=== TASK GOAL ===
Each record below should be returned exactly, with its pictures left out.

=== Stored data entries ===
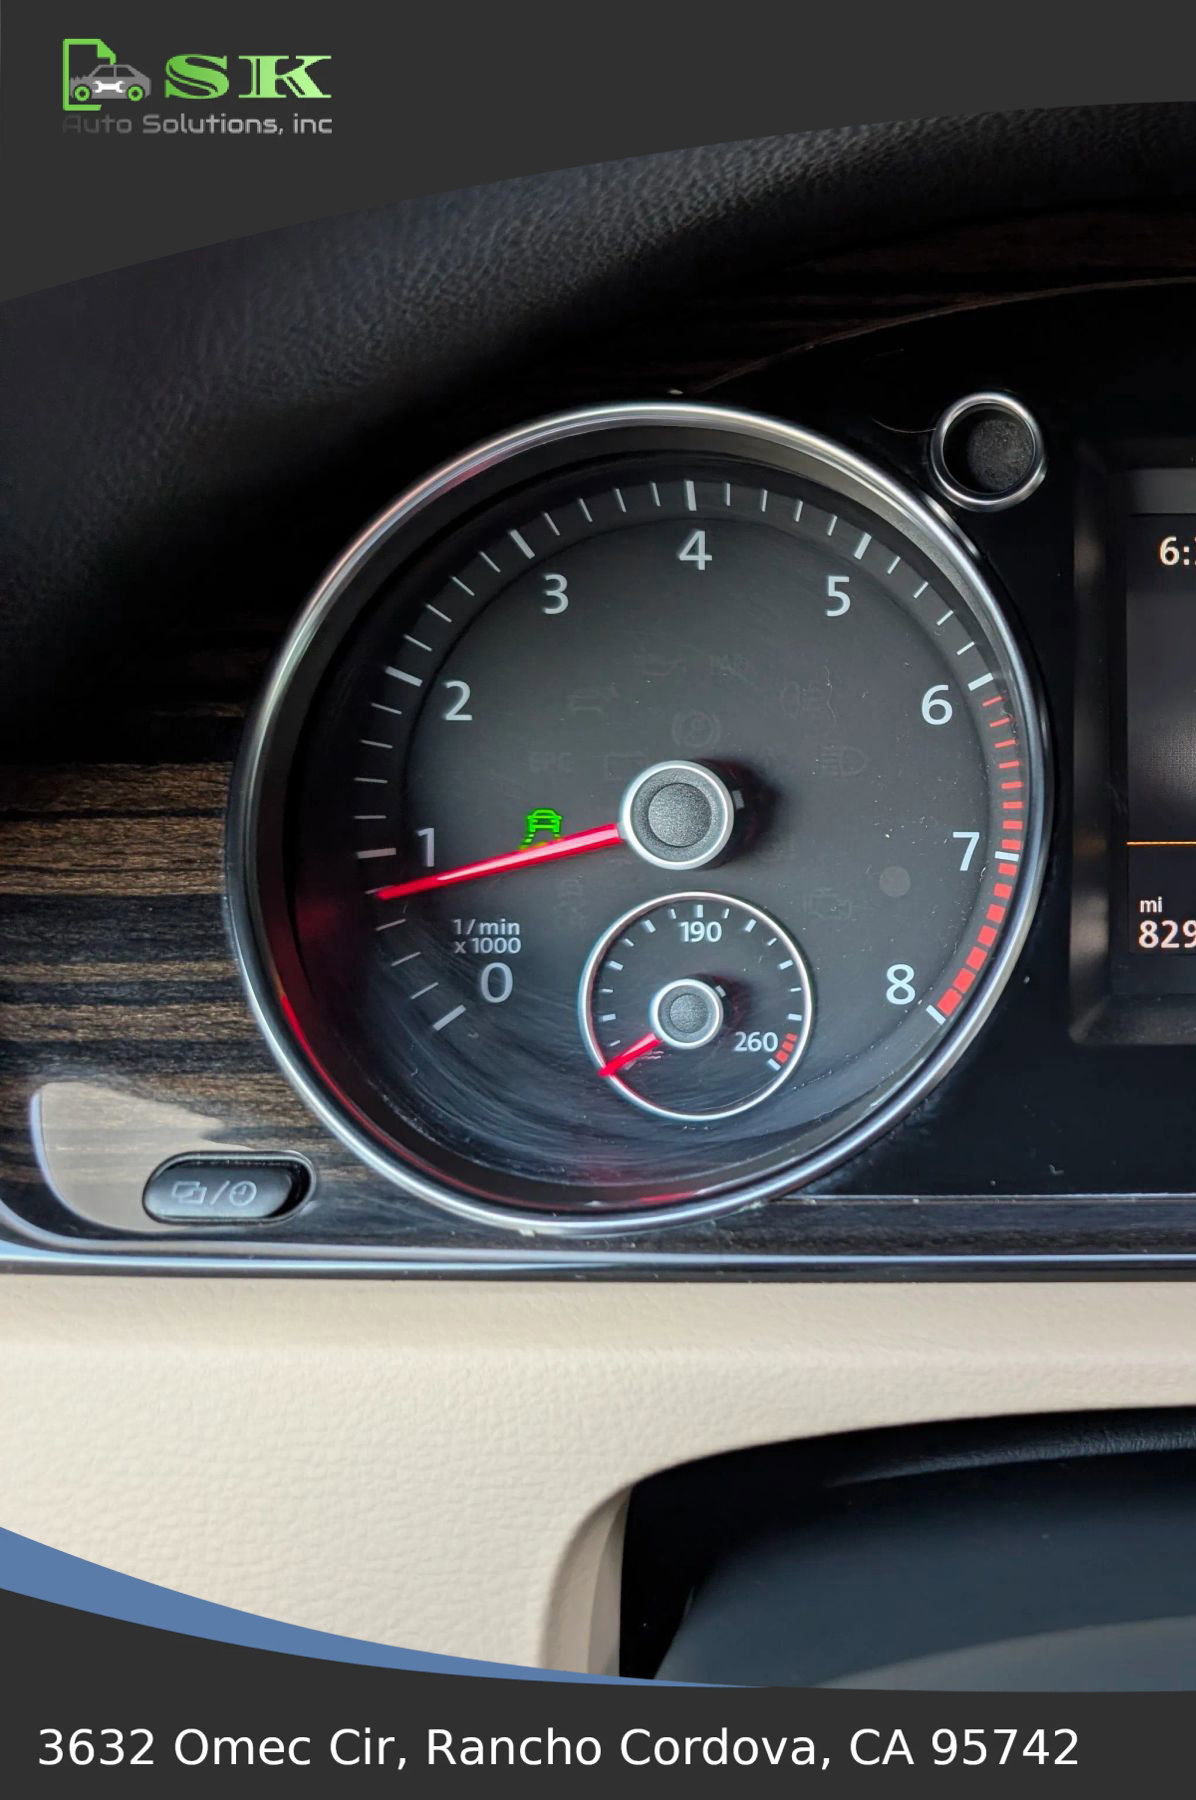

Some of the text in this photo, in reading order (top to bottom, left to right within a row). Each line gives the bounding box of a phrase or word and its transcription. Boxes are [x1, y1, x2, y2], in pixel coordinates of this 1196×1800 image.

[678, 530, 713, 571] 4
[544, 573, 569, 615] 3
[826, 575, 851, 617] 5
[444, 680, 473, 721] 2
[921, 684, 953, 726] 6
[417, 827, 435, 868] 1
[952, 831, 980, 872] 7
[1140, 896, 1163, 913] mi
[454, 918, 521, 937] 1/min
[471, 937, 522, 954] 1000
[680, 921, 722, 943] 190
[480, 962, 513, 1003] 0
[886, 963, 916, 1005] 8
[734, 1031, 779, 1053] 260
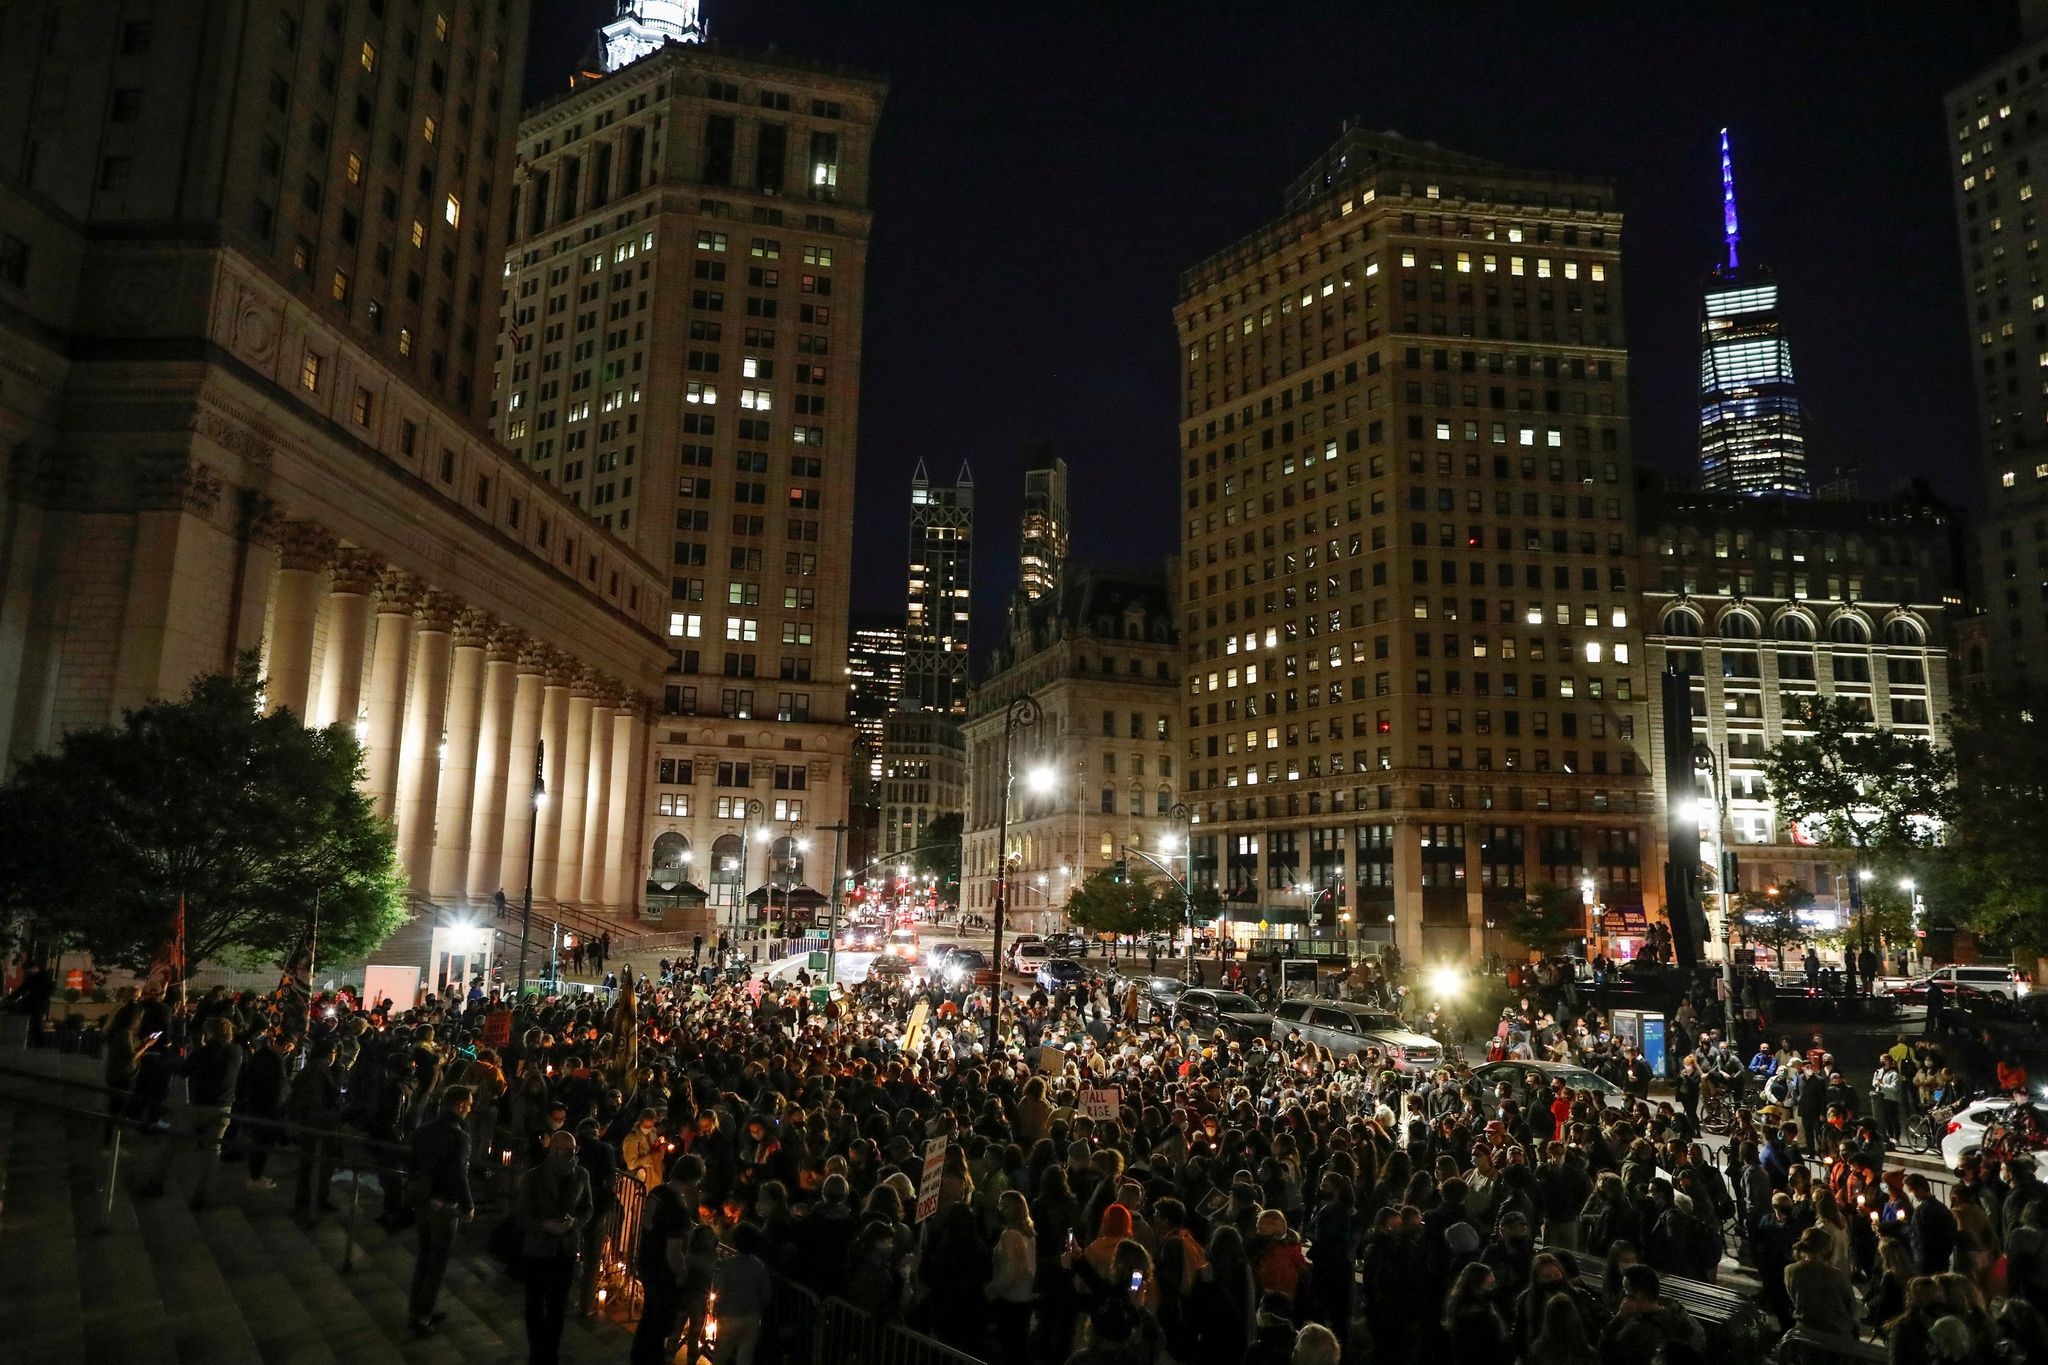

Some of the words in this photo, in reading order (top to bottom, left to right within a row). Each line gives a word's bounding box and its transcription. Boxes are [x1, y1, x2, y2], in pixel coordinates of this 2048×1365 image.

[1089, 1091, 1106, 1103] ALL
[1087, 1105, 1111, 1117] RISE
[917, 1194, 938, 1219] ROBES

=== RESULT ===
Some of the text in this photo, in reading order (top to bottom, left to right within a row). Each line gives the bounding box of a phrase or word and its transcription. Boxes are [x1, y1, x2, y2], in pixel coordinates of this 1196×1800 image.

[678, 530, 713, 571] 4
[544, 573, 569, 615] 3
[826, 575, 851, 617] 5
[444, 680, 473, 721] 2
[921, 684, 953, 726] 6
[417, 827, 435, 868] 1
[952, 831, 980, 872] 7
[1140, 896, 1163, 913] mi
[454, 918, 521, 937] 1/min
[471, 937, 522, 954] 1000
[680, 921, 722, 943] 190
[480, 962, 513, 1003] 0
[886, 963, 916, 1005] 8
[734, 1031, 779, 1053] 260

Some of the words in this photo, in reading order (top to bottom, left to right within a row). Each line gives a word's bounding box and its transcription. Boxes are [x1, y1, x2, y2], in pixel coordinates of this 2048×1365 image.

[1089, 1091, 1106, 1103] ALL
[1087, 1105, 1111, 1117] RISE
[917, 1194, 938, 1219] ROBES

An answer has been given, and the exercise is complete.